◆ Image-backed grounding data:
________________________________________

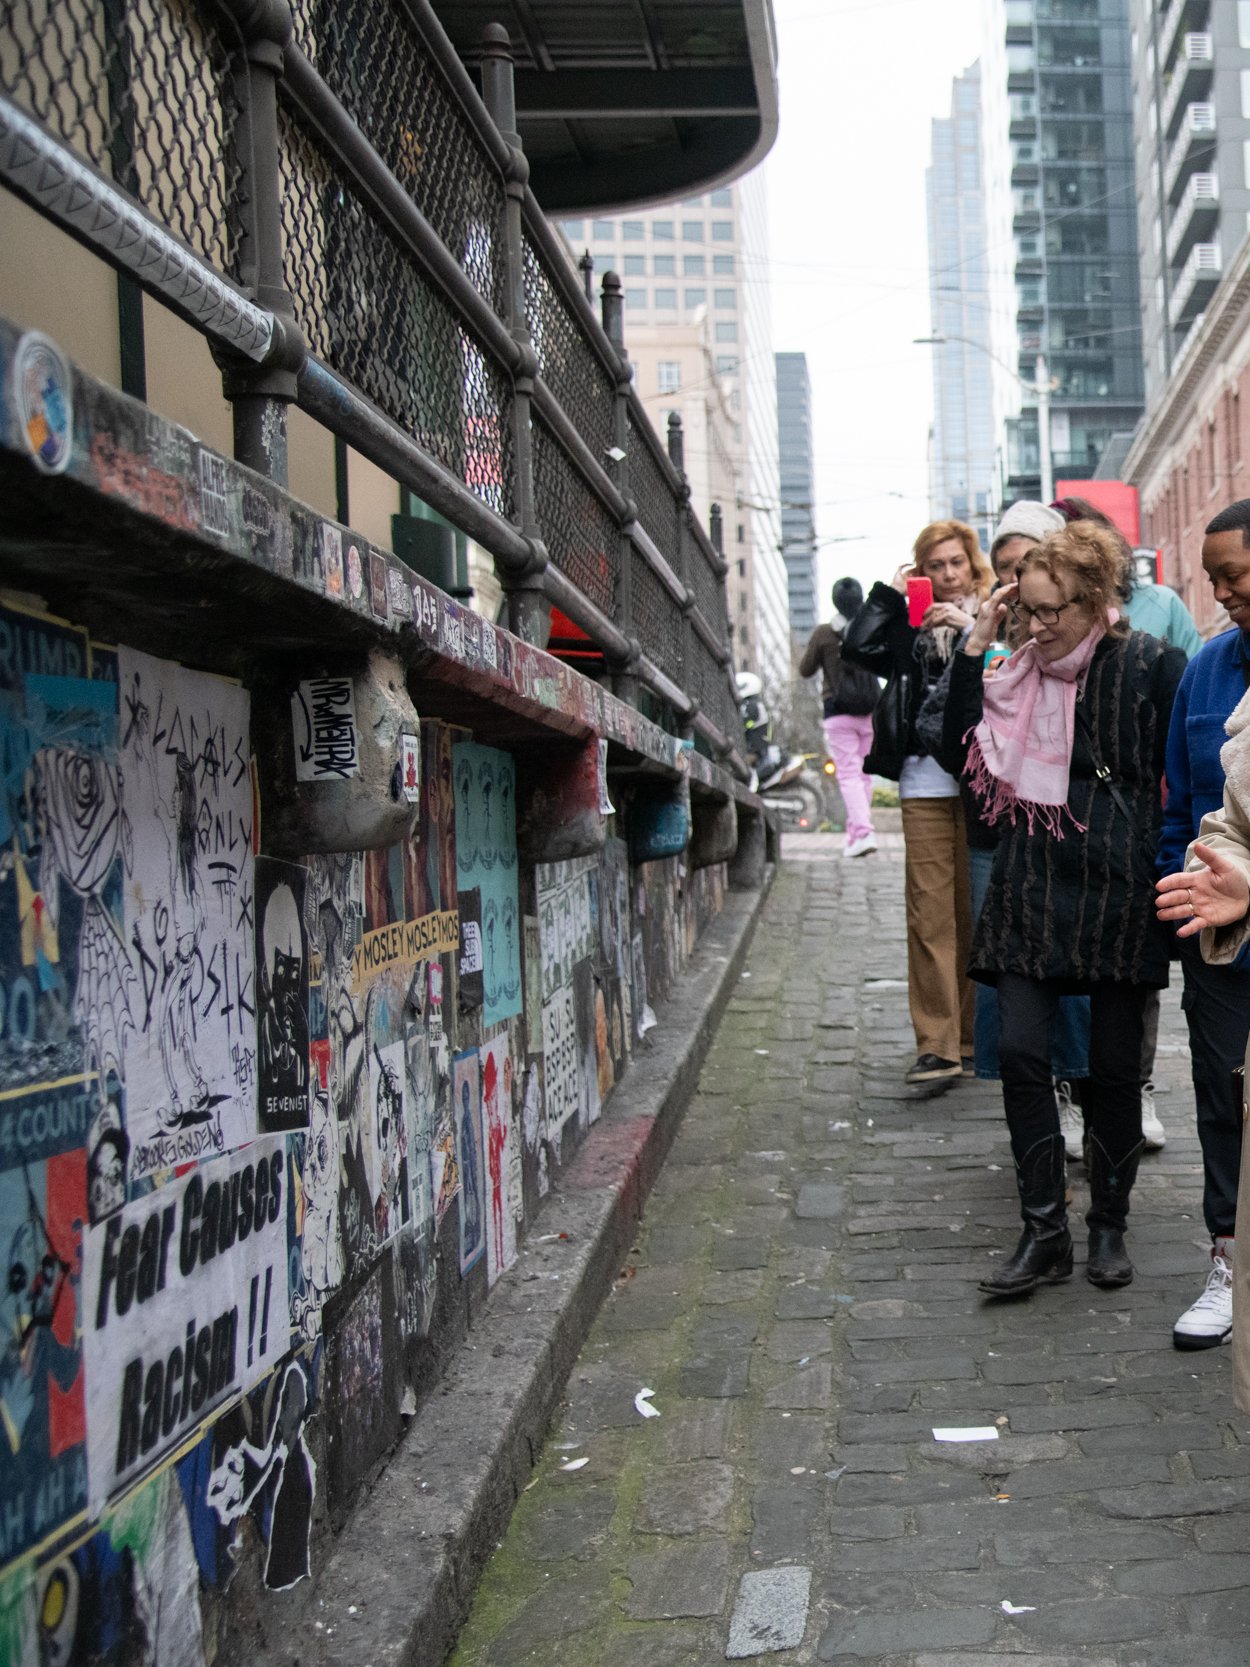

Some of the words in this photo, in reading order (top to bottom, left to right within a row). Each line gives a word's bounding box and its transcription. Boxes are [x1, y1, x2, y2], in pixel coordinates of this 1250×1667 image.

[363, 925, 405, 971] MOSLEY
[267, 1094, 308, 1113] SEVENIST
[96, 1201, 176, 1331] Fear
[180, 1149, 284, 1277] Causes
[116, 1304, 239, 1476] Racism

________________________________________

◆ AIM OF THE TASK:
What is needed here is an exact transcript of the data above, pictures excluded.

◆ SOLUTION:
Some of the words in this photo, in reading order (top to bottom, left to right within a row). Each line gives a word's bounding box and its transcription. Boxes are [x1, y1, x2, y2], in pixel coordinates of this 1250×1667 image.

[363, 925, 405, 971] MOSLEY
[267, 1094, 308, 1113] SEVENIST
[96, 1201, 176, 1331] Fear
[180, 1149, 284, 1277] Causes
[116, 1304, 239, 1476] Racism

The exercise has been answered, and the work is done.